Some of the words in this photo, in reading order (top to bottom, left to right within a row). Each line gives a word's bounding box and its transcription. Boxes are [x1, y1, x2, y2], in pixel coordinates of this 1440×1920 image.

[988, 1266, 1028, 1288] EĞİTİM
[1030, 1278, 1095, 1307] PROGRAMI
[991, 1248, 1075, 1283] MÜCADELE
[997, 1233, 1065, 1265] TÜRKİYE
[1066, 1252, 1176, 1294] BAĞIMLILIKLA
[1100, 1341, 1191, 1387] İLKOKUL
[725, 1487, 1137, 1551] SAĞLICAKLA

+-------+

## About this task
This exercise asks for every line of the records to be repeated exactly.

## Solution for this problem
Some of the words in this photo, in reading order (top to bottom, left to right within a row). Each line gives a word's bounding box and its transcription. Boxes are [x1, y1, x2, y2], in pixel coordinates of this 1440×1920 image.

[988, 1266, 1028, 1288] EĞİTİM
[1030, 1278, 1095, 1307] PROGRAMI
[991, 1248, 1075, 1283] MÜCADELE
[997, 1233, 1065, 1265] TÜRKİYE
[1066, 1252, 1176, 1294] BAĞIMLILIKLA
[1100, 1341, 1191, 1387] İLKOKUL
[725, 1487, 1137, 1551] SAĞLICAKLA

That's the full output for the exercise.